Thursday, June 26, 2014

Eyrie





Tim Winton
Eyrie

Farrar, Straus & Giroux, 2014/ Picador UK, 2014

Perth, Australia, our days. Tom Keely lives alone in an apartment building in a poor neighborhood. He's almost 50, he is divorced, childless, he is out of work. Keely was once known environmental activist, he even appeared on TV screens, the newspapers and magazines wrote about him. But after a conflict with officials, he lost his job because he refused to cover the illegal actions of the authorities. Keely issued dirty linen in public, and now no private company wants to hire him, not to mention the state.

Keely lives on some savings and money from the sale of the house. All that he can afford is a small apartment in the seedy neighborhood. Keely worsens his problems with alcohol and regular antidepressants. Most of the novel we will be see Keely either drunk, or on pills, or hang-over.

Keely rarely comes from the apartment, speaks to no one, occasionally swims in the ocean. His mother Doris, a successful lawyer, and sister Faith, working in the financial sector, worries about Keely. He assures them that he's all right.

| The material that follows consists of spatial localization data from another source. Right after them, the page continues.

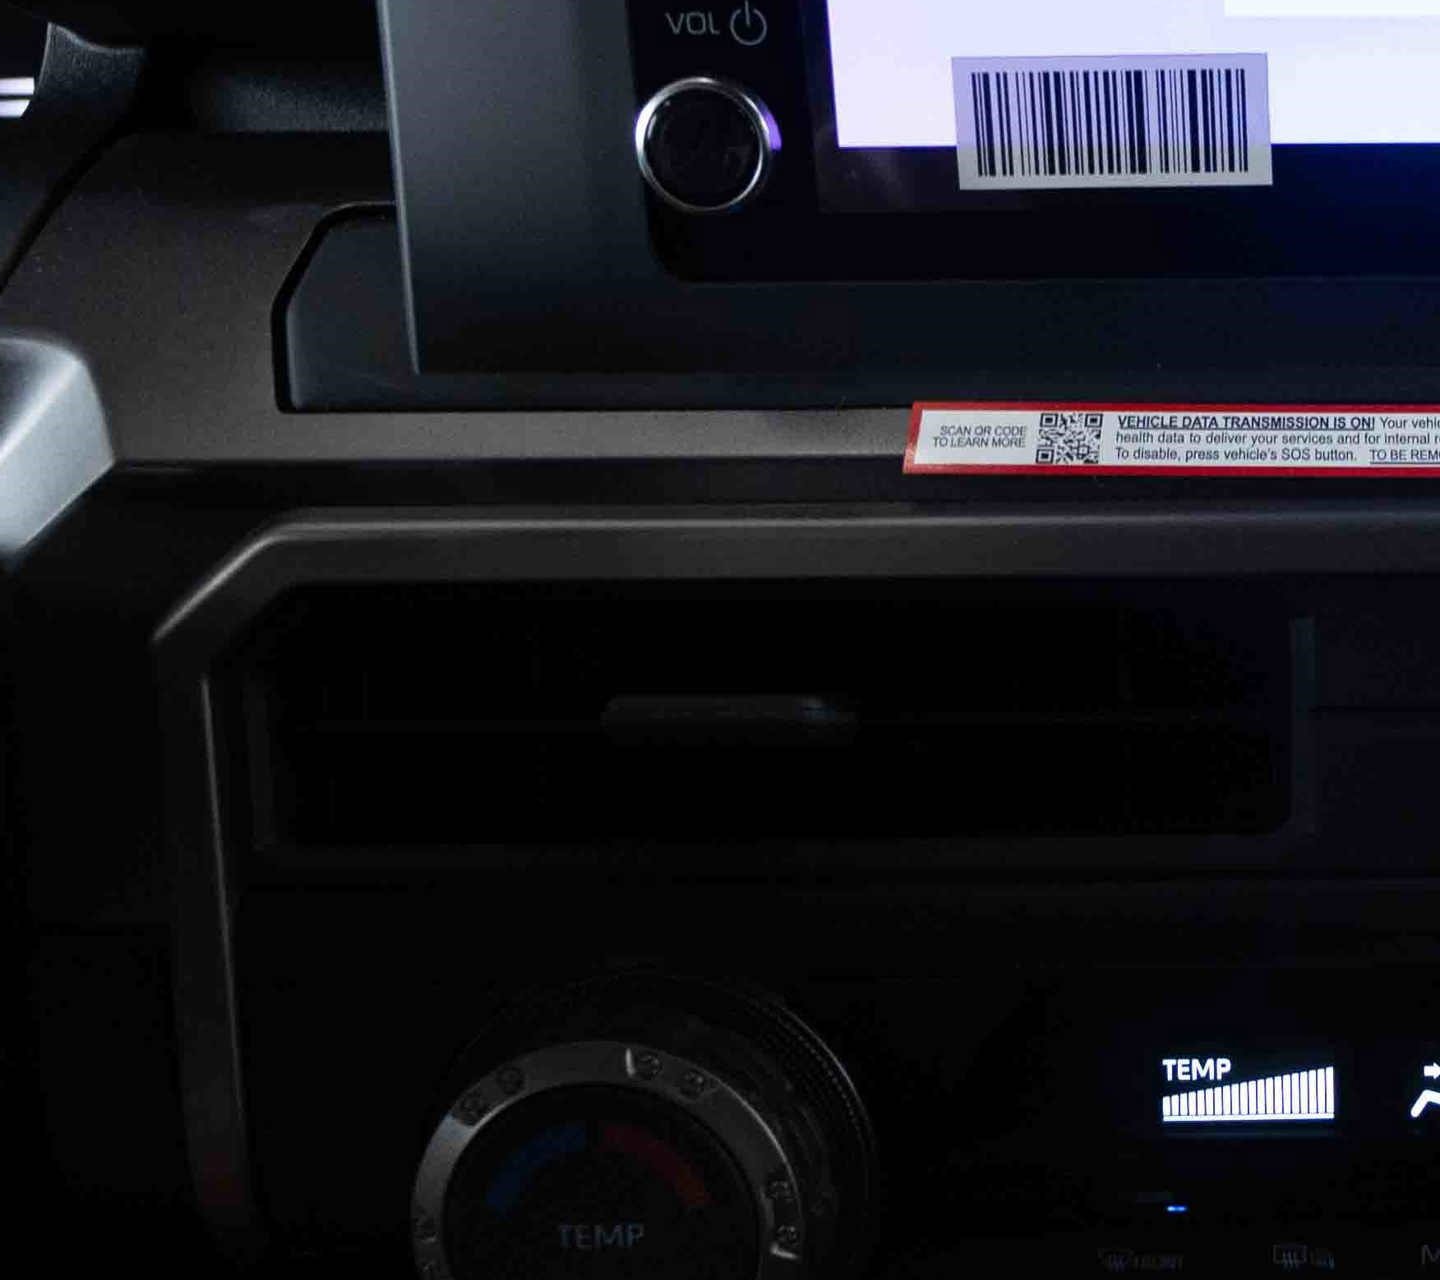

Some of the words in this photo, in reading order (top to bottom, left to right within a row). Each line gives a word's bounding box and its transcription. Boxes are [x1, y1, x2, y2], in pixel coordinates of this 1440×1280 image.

[664, 12, 721, 35] VOL
[940, 426, 972, 436] SCAN
[994, 425, 1027, 436] CODE
[1118, 416, 1177, 429] VEHICLE
[1182, 416, 1218, 429] DATA
[1222, 416, 1330, 429] TRANSMISSION
[1334, 416, 1347, 429] IS
[1352, 416, 1375, 429] ON!
[1380, 417, 1408, 429] Your
[934, 437, 948, 448] TO
[950, 437, 989, 448] LEARN
[992, 437, 1026, 448] MORE
[1116, 431, 1153, 444] health
[1158, 431, 1184, 444] data
[1189, 432, 1201, 444] to
[1205, 431, 1246, 444] deliver
[1251, 434, 1278, 447] your
[1281, 432, 1333, 444] services
[1337, 431, 1359, 444] and
[1364, 431, 1380, 444] for
[1384, 431, 1430, 444] internal
[1116, 448, 1129, 460] To
[1133, 447, 1182, 462] disable,
[1185, 450, 1220, 464] press
[1224, 447, 1277, 460] vehicle's
[1281, 447, 1311, 460] SOS
[1314, 447, 1357, 461] button.
[1370, 449, 1387, 460] TO
[1390, 449, 1407, 460] BE
[1162, 1058, 1232, 1082] TEMP
[558, 1222, 646, 1251] TEMP

Everything changes in Keely’s life when he unexpectedly meets a woman, which resembles someone, in the building,. She is Gemma, a girl from the past. Now Gemma is in her forties, and she raises her grandson - a strange boy with no less strange name Kai. Keely is surprised by this meeting, he did not even know that Gemma lived in the same house with him just down the hall.

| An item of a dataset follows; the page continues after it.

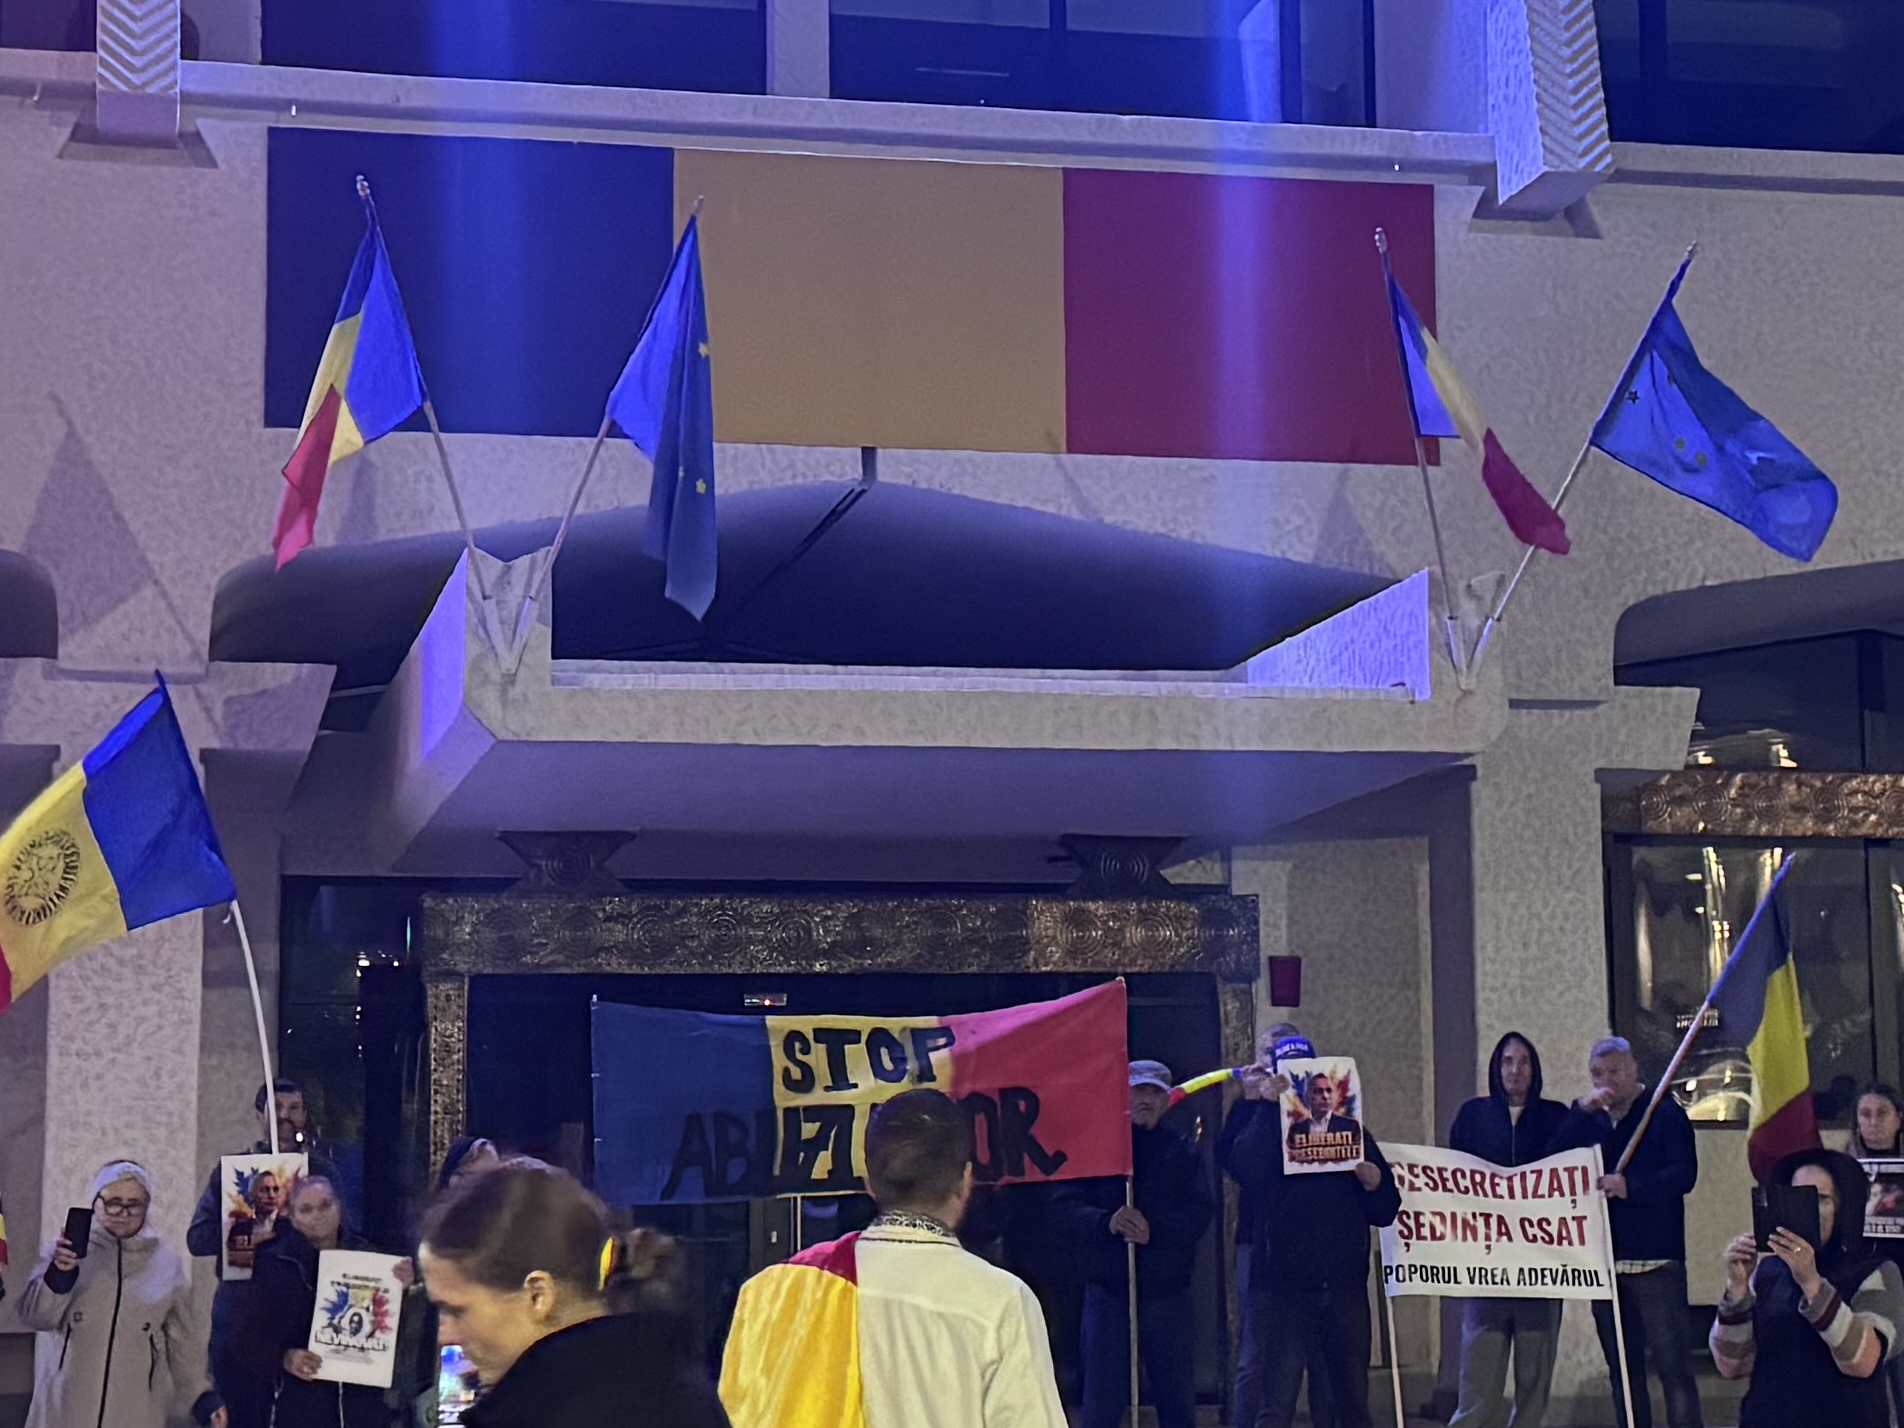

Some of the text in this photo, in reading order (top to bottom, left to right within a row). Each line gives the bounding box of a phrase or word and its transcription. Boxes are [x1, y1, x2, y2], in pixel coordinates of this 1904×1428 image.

[782, 1026, 956, 1093] STOP
[1519, 1215, 1588, 1247] CSAT
[1384, 1263, 1605, 1288] POPORUL VREA ADEVĂRUL

Despite its length, Eyrie reads in one breath. That’s not surprising considering that Winton has written 25 books already. The secret of success here is that the book equally attracts with its plot intrigue and an ability to write about everyday life.

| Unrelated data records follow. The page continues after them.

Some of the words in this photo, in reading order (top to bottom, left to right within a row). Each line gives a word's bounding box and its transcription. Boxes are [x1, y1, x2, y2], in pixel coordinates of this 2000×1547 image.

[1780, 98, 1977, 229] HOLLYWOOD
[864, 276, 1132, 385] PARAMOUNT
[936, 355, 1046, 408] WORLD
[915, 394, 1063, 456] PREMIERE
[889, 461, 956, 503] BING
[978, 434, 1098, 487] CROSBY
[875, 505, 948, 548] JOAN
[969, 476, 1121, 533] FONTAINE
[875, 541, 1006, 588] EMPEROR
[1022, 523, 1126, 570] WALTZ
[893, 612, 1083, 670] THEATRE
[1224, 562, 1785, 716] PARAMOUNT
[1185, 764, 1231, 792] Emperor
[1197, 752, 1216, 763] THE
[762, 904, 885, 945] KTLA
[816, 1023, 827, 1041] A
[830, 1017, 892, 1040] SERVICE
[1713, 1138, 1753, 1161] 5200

Winton pushes his characters to an almost impossible situation, making the novel very dark and kind of depressing. Heroes fall into a trap, and all their actions and attempts are doomed. It is important not to lose the human face, not be on the same level with animals, those who prey on the main characters of the novel.

Despair largely even comes not from an external source, i.e. criminal elements, but from life itself. Keely after his fall from the top steps on the lowest rung of society, at his age left with nothing - except the conscience and moral attitudes. He largely looks up to his father, who was a priest and really saved people. Keely is also trying, but realizes that he lacks hardness. And his moral values are his own ruin. Because of them, he does not fit into society, can not keep in touch with other people.

Actually everyday life stifles Keely and Gemma and the like. They are honest, strong-willed people who simply can not cope with the system. Everything is against them. Toward the end of the novel Keely pawns his computer equipment to the shop to get a little cash. Clerk gives Keely a hundred dollars less than usual just because Keely looks, due to stress and alcohol, as if he were a junkie.
Crime story takes a turn in the second half of the book, and in the first Winton depicts Australian life of bottom. The novel is written in the third person, but such that it is similar to the first. And the voice of Keely is simultaneously resentful and angry at society (and himself), but also from bitter at his own impotence and unwillingness to change something. Such bitterness in his voice helps make the novel drive, when seemingly nothing happens, other than sitting in a stuffy room, swimming in the ocean, a short phone talk with the sister. Descriptions of hangover here are gorgeous, extremely realistic and somewhat painful. It is a rare thing.

“He peeled back the lids with a gospel gasp and levered himself upright and bipedal if not immediately ambulatory. Teetered a moment in the bad weather and shapeless mortification of something like waking consciousness. Which was heinous. Though in the scheme of things today’s discomfort was the least of his troubles. He should be glad of the distraction. This little malaise was only fleeting. Well, temporary. Just a bloody hangover. But for all that a pearler anyway, a real swine-choker. Even his feet hurt. And one leg was still intoxicated.”

In the novel there is no quotation marks at the dialogues, they are part of the main text, but the dialogues are actually Winton’s strong point. It’s difficult to write a believable dialogue between child and adult, and Winton makes it believable.

Eyrie’s action takes place in Australia, though the novel is rather a hybrid of literature of the three countries. From Australia there is destroying heat and large spaces, from English literature dialogues and britanisms and from the American prose the story itself.

Winton is a brilliant stylist, a good storyteller, and his novel is a great success.